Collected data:
—————

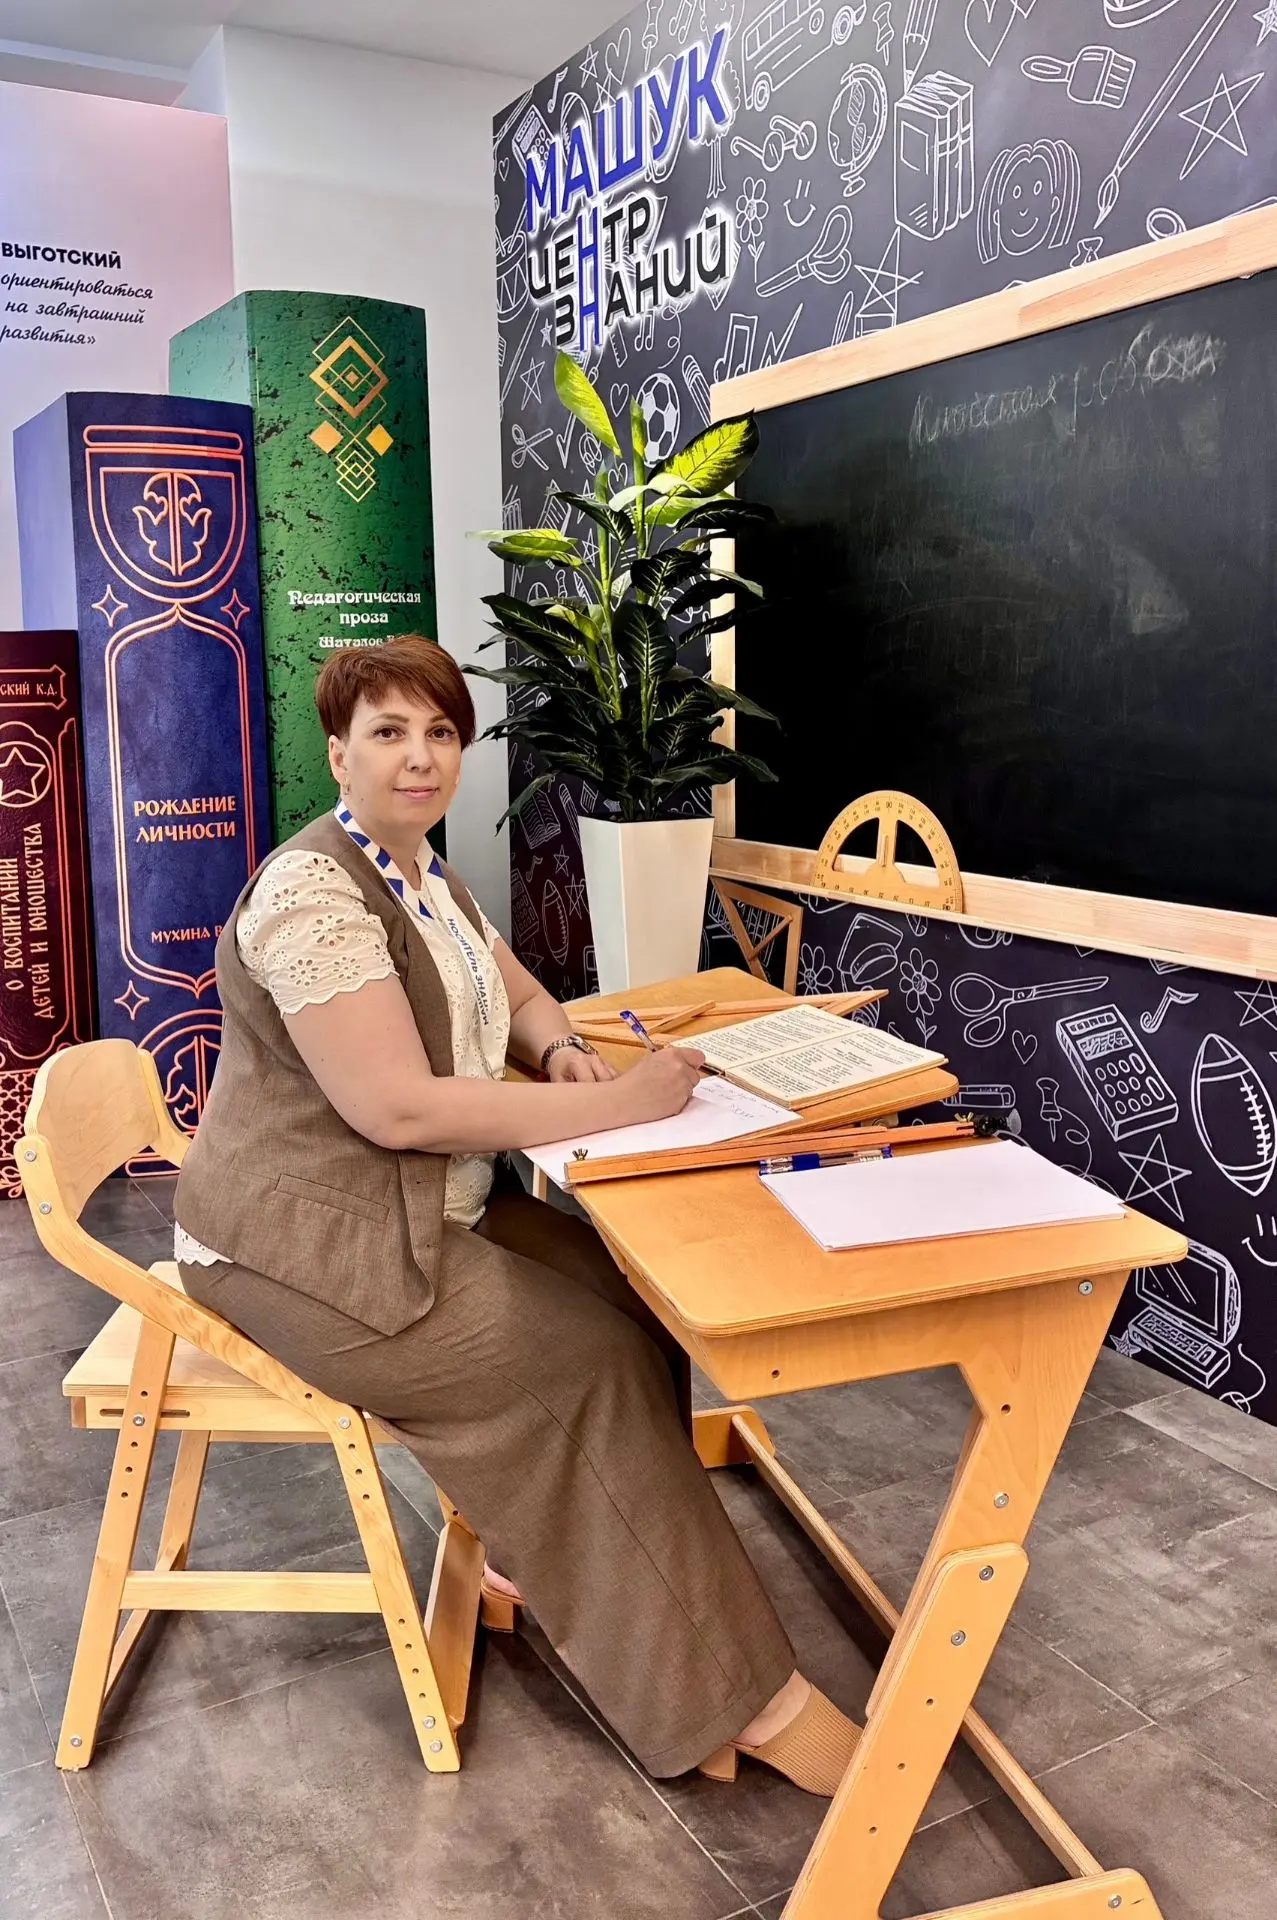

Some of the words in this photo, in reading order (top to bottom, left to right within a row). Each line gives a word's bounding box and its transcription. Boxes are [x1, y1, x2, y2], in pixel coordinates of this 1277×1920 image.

[525, 27, 727, 233] МАШУК
[1, 242, 121, 269] ВЫГОТСКИЙ
[527, 197, 650, 300] ЦЕНТР
[1, 273, 153, 299] ориентироваться
[555, 213, 727, 351] ЗНАНИЙ
[5, 301, 28, 313] на
[36, 302, 145, 323] завтрашний
[0, 325, 96, 344] развития»
[287, 590, 421, 606] Педагогическая
[339, 612, 389, 627] проза
[36, 683, 58, 696] К.Д.
[133, 796, 236, 816] РОЖДЕНИЕ
[136, 821, 236, 843] ЛИЧНОСТИ
[24, 823, 48, 932] ЮНОШЕСТВА
[0, 858, 24, 969] ВОСПИТАНИИ
[151, 926, 211, 944] МУХИНА
[447, 918, 478, 973] НОСИТЕЛЬ
[30, 941, 49, 953] И
[5, 979, 24, 991] О
[28, 963, 55, 1019] ДЕТЕЙ
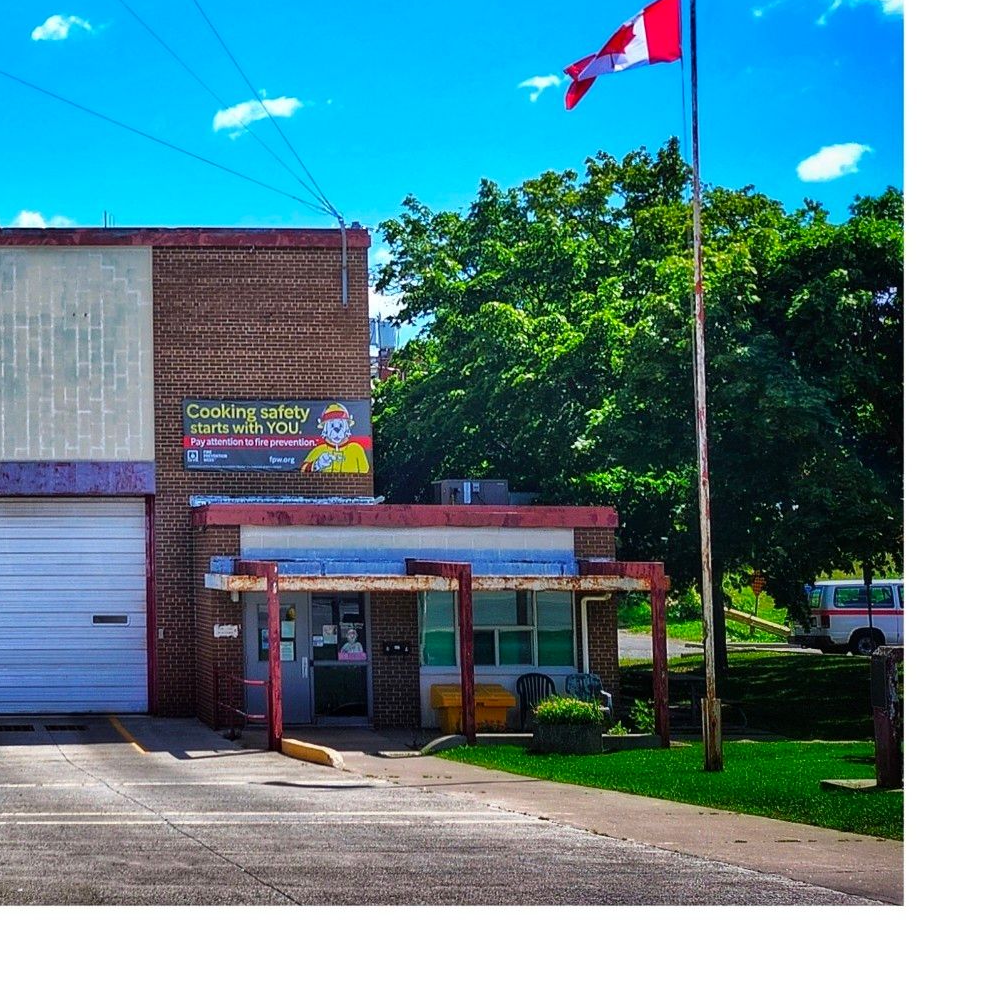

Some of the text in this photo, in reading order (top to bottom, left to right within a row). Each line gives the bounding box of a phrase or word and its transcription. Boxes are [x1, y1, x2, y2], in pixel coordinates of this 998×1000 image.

[186, 403, 310, 422] Cooking safety
[190, 421, 302, 435] starts with YOU.
[190, 436, 317, 448] Pay attention to fire prevention.
[269, 455, 296, 465] fpw.org
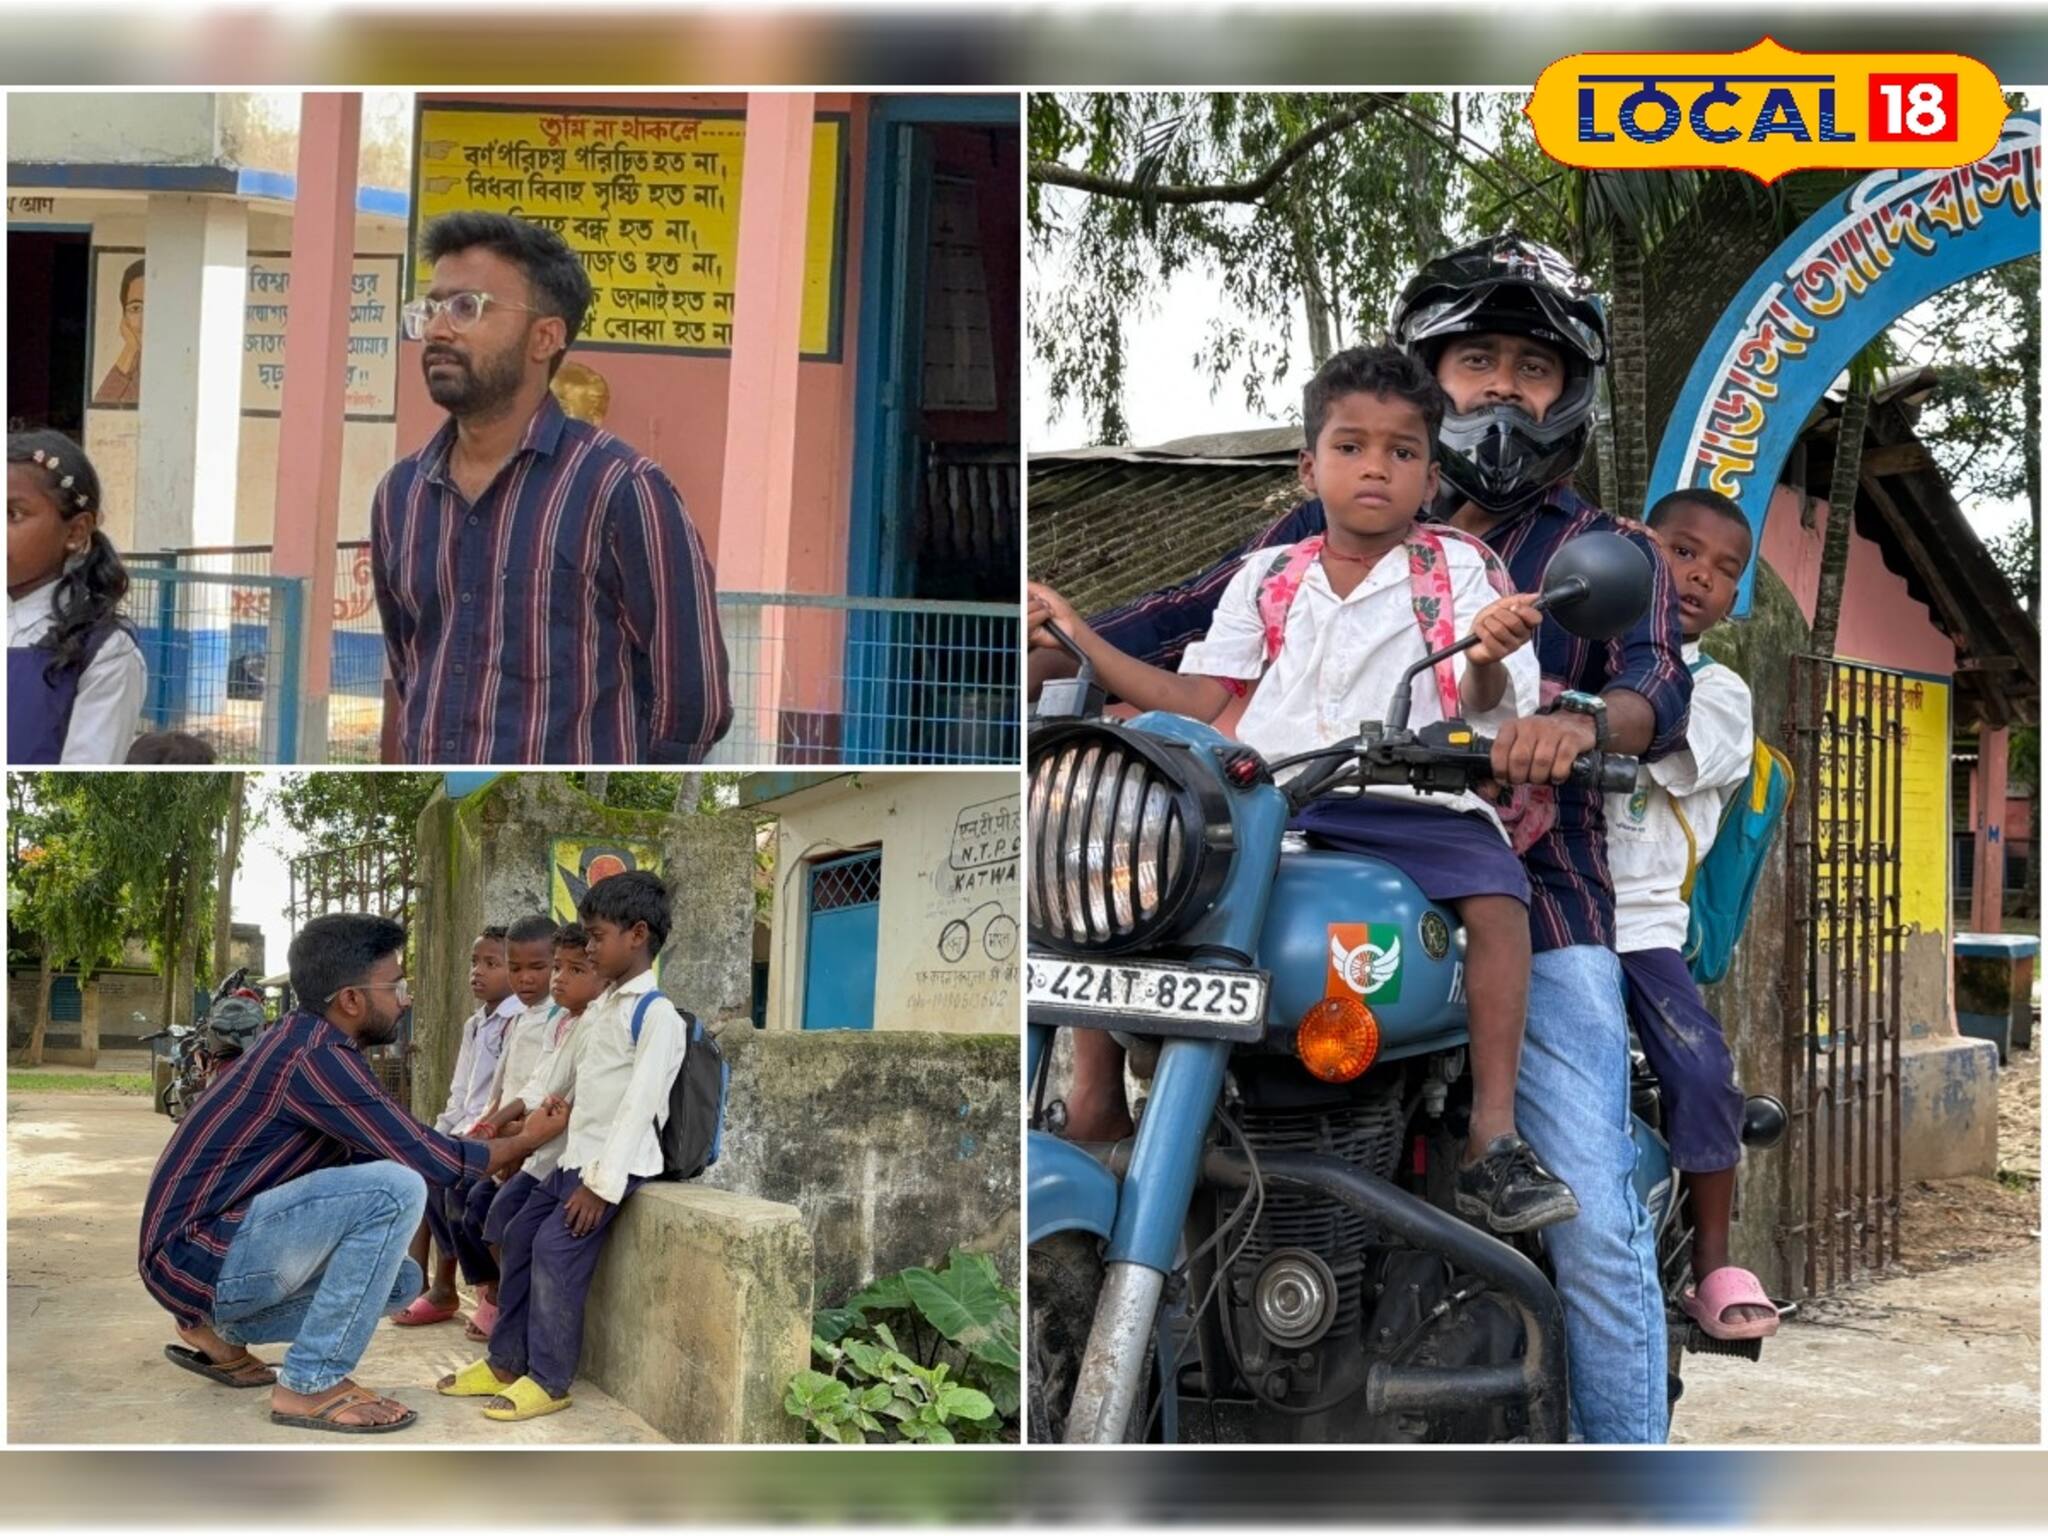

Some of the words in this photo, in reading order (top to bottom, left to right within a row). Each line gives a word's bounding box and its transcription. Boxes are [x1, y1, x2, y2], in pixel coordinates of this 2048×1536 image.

—————

▶ _Your goal_
The required output is every line from the one containing "Some of the text" through the last line of the data above, restated exactly and without pictures.

▶ _Written solution_
Some of the text in this photo, in reading order (top to bottom, left to right within a row). Each line gives the bounding box of a phrase or word and its transcription. Boxes are [x1, y1, x2, y2], in pixel coordinates of this 998×1000 image.

[186, 403, 310, 422] Cooking safety
[190, 421, 302, 435] starts with YOU.
[190, 436, 317, 448] Pay attention to fire prevention.
[269, 455, 296, 465] fpw.org

Some of the words in this photo, in reading order (top to bottom, left to right within a row). Each line gives a word's bounding box and its transcription. Boxes are [x1, y1, x2, y2], in pixel coordinates of this 2048×1536 image.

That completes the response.